(Supplied data Opens)

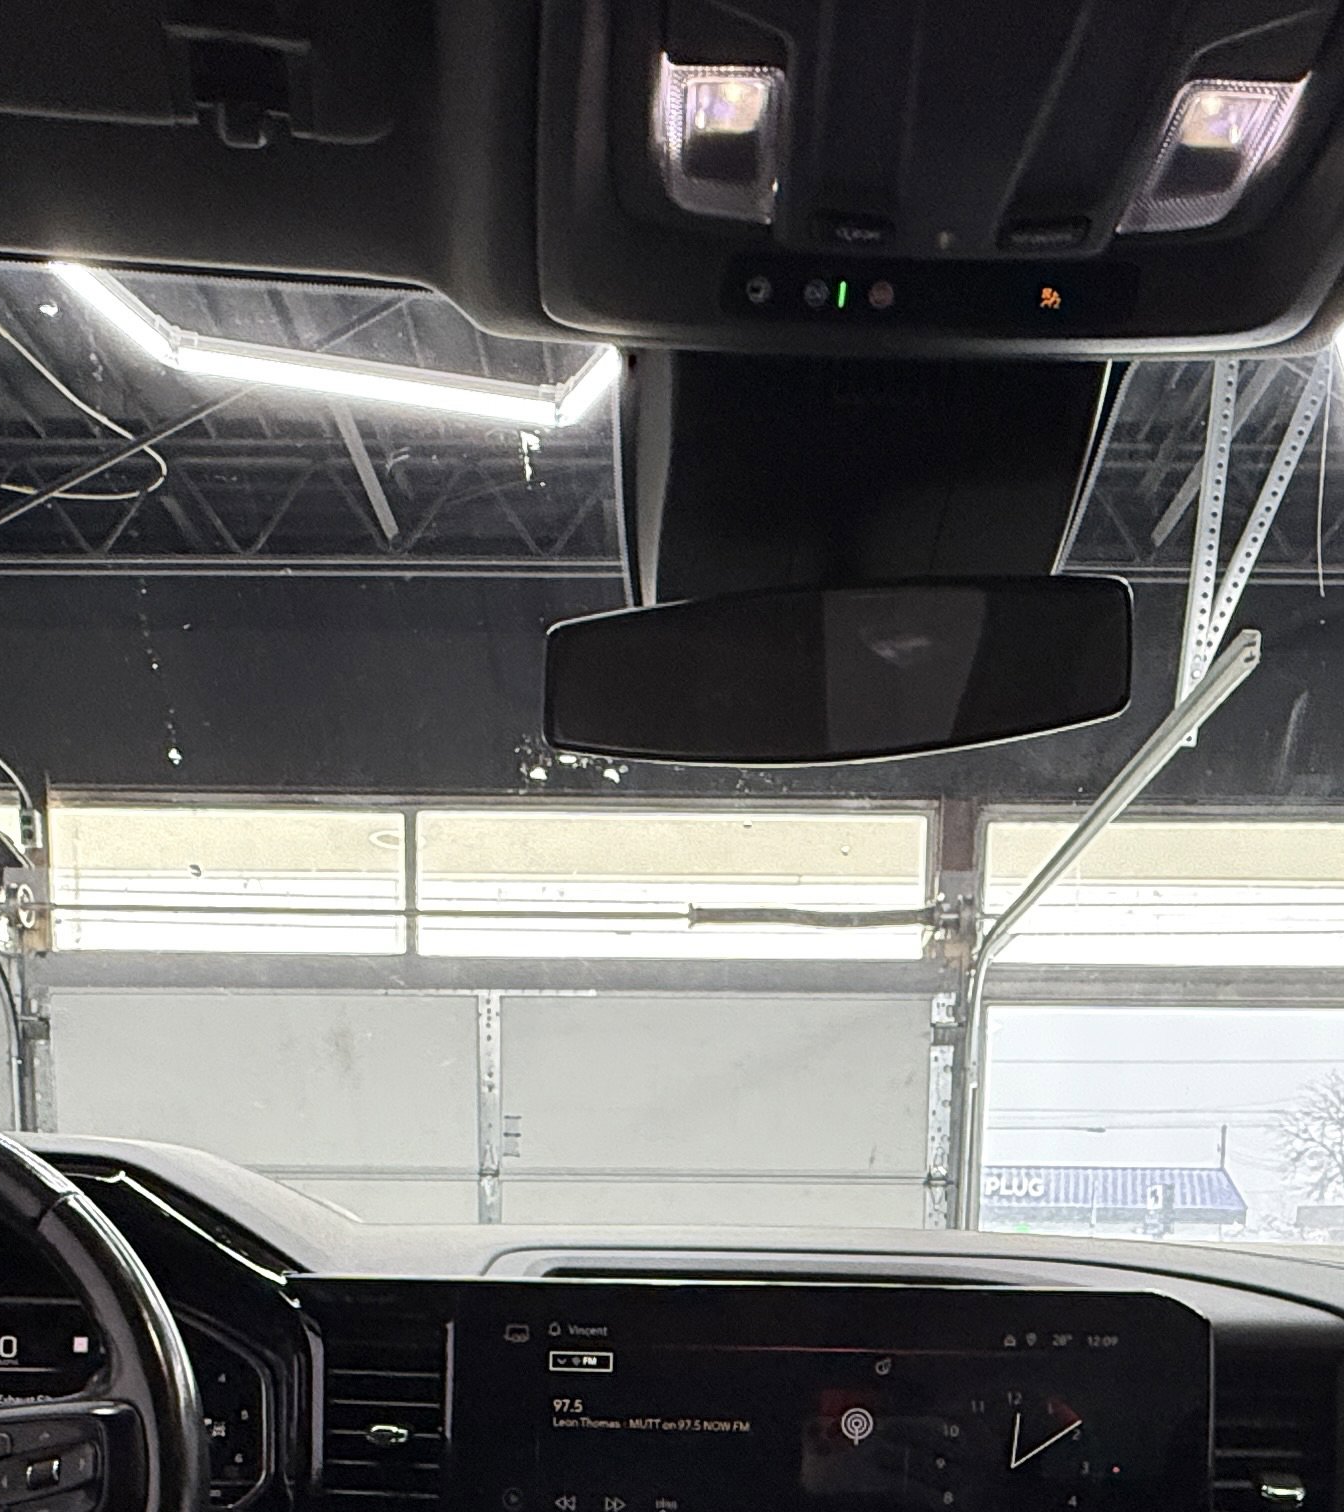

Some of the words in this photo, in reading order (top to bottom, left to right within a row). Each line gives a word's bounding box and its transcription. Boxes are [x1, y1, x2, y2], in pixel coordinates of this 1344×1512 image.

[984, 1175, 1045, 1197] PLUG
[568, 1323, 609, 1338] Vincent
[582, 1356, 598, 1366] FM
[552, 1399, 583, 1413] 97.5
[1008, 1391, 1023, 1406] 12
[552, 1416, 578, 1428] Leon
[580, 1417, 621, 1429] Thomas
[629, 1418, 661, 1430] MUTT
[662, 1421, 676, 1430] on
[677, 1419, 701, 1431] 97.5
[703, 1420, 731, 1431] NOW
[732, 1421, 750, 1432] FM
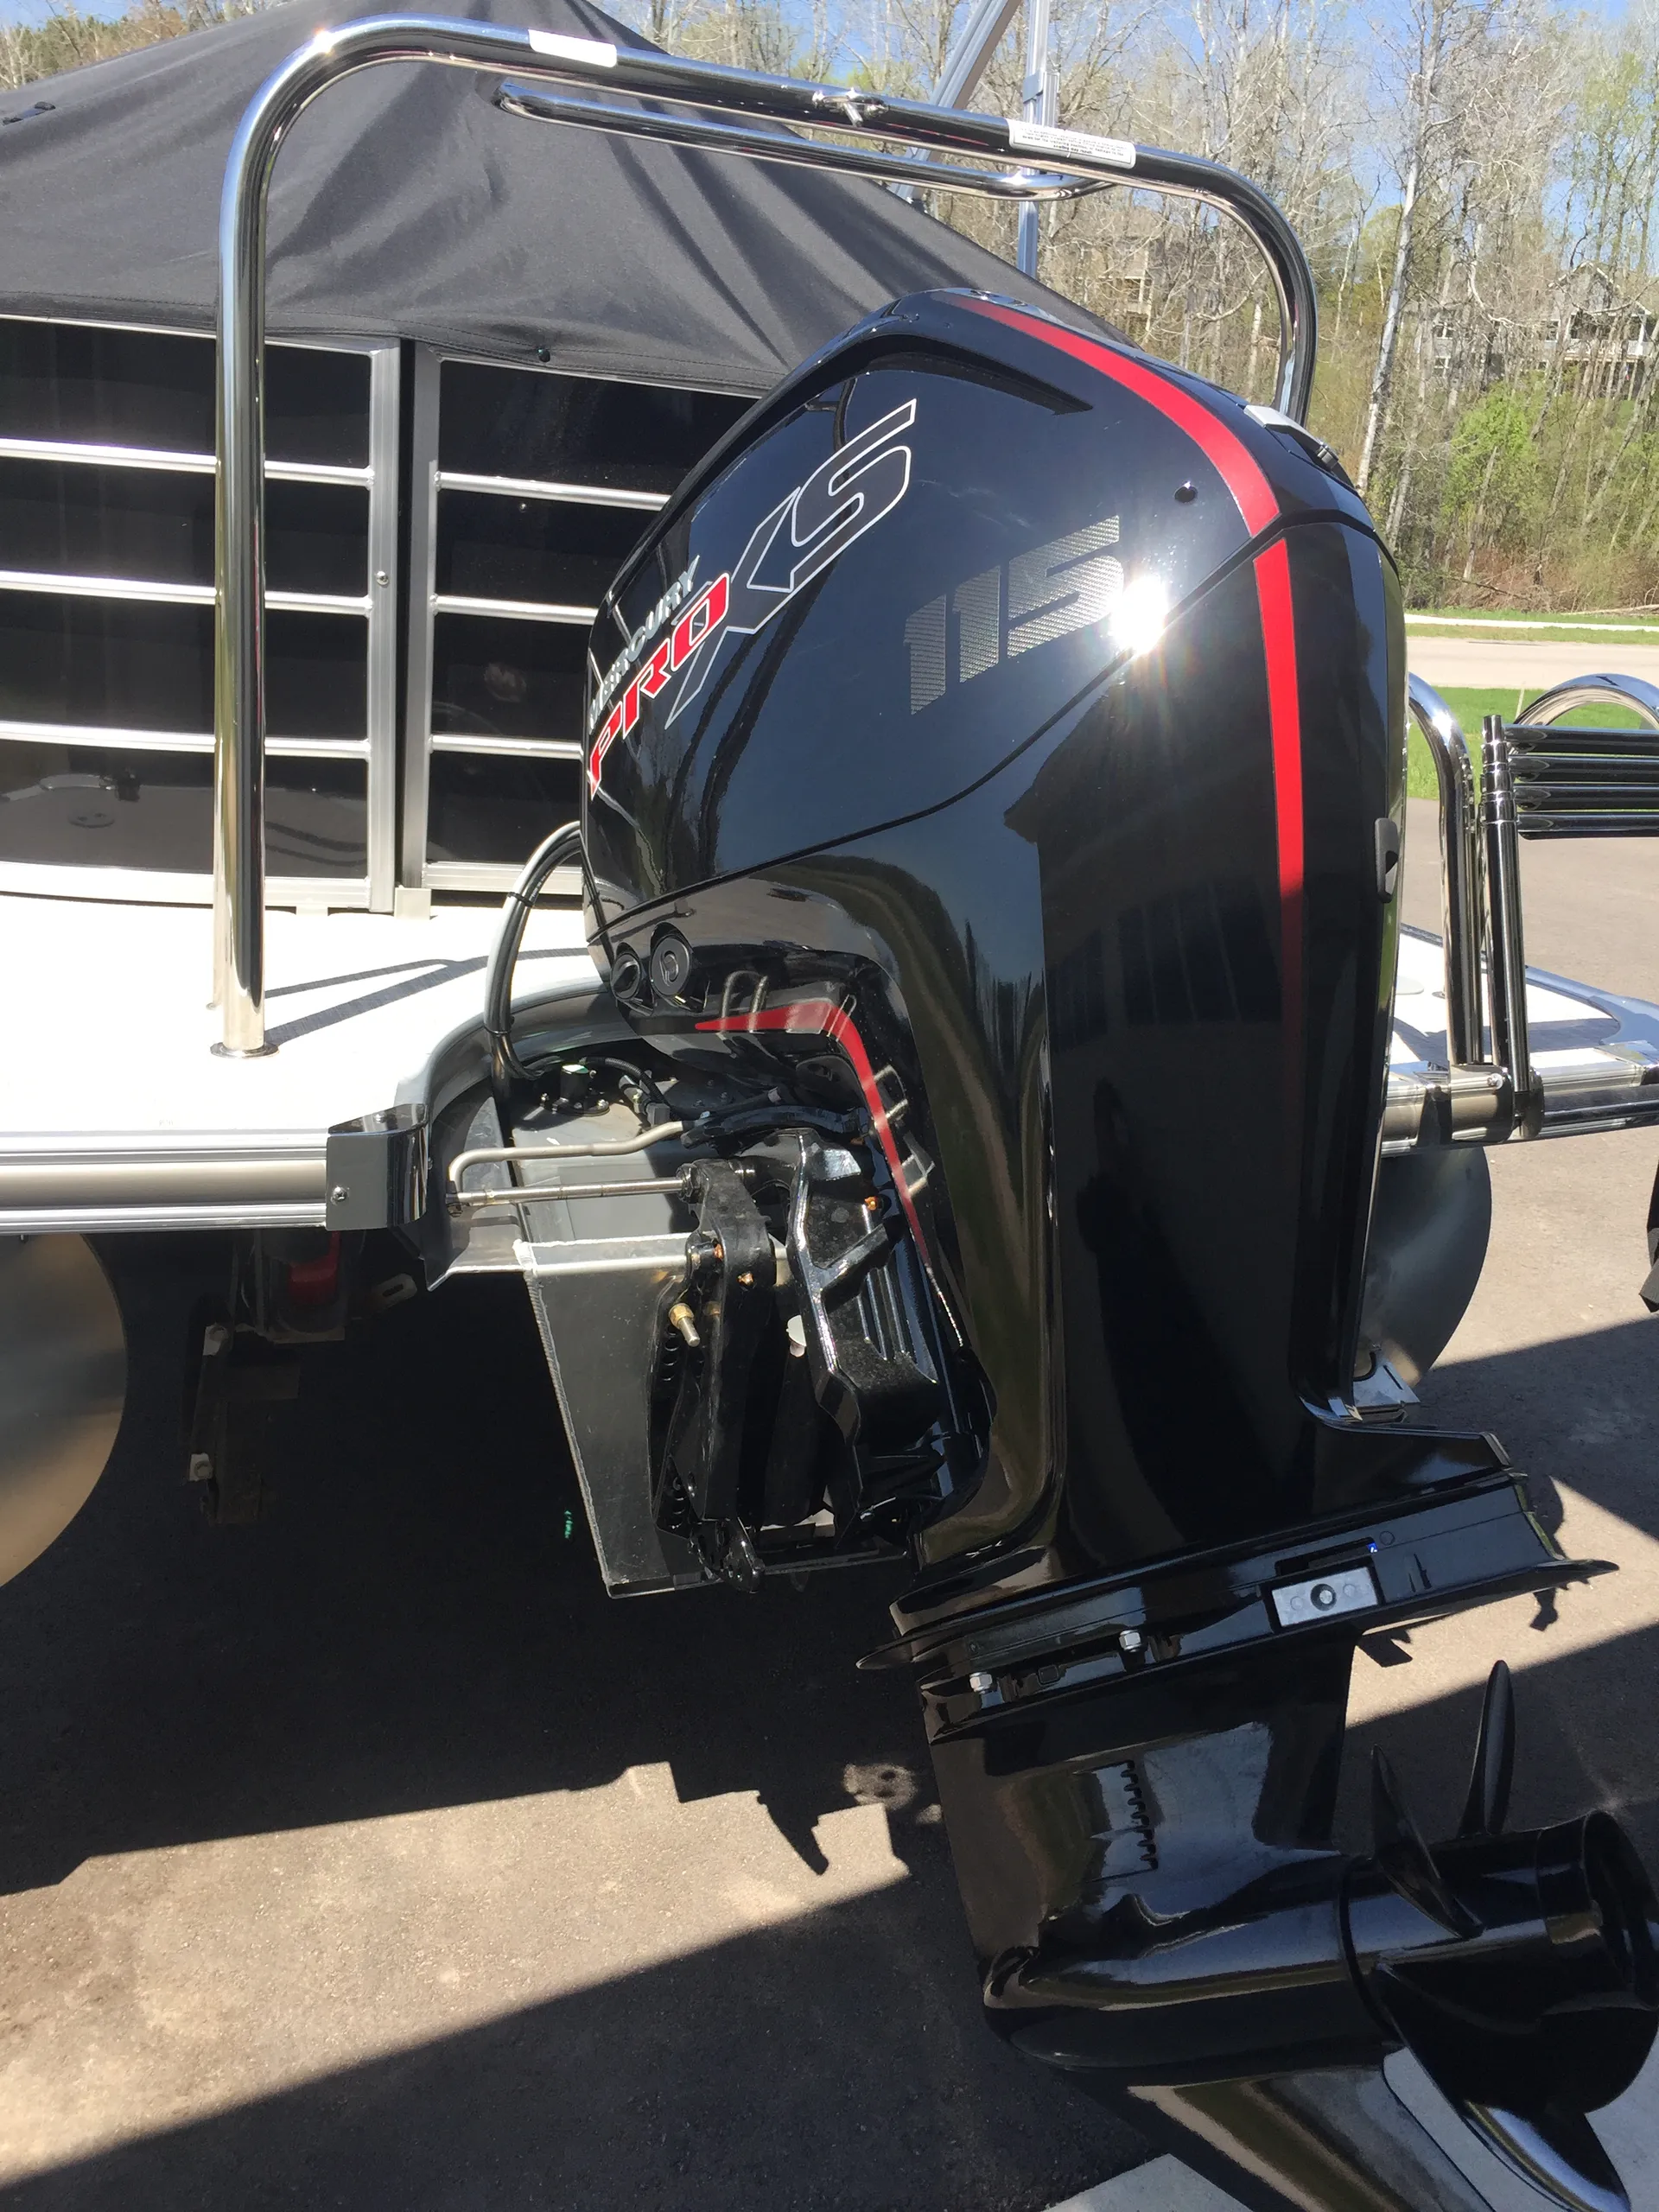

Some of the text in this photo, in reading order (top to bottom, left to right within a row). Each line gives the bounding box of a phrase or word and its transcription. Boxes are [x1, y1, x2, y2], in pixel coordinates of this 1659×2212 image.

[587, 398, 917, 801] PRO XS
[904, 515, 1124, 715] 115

(Supplied data Closes)

▶ [What this task involves] Retype all the data exactly, please, without pictures.

▶ [Response]
Some of the words in this photo, in reading order (top to bottom, left to right within a row). Each line gives a word's bounding box and its transcription. Boxes are [x1, y1, x2, y2], in pixel coordinates of this 1344×1512 image.

[984, 1175, 1045, 1197] PLUG
[568, 1323, 609, 1338] Vincent
[582, 1356, 598, 1366] FM
[552, 1399, 583, 1413] 97.5
[1008, 1391, 1023, 1406] 12
[552, 1416, 578, 1428] Leon
[580, 1417, 621, 1429] Thomas
[629, 1418, 661, 1430] MUTT
[662, 1421, 676, 1430] on
[677, 1419, 701, 1431] 97.5
[703, 1420, 731, 1431] NOW
[732, 1421, 750, 1432] FM

Some of the text in this photo, in reading order (top to bottom, left to right within a row). Each line gives the bounding box of a phrase or word and its transcription. Boxes are [x1, y1, x2, y2], in pixel coordinates of this 1659×2212 image.

[587, 398, 917, 801] PRO XS
[904, 515, 1124, 715] 115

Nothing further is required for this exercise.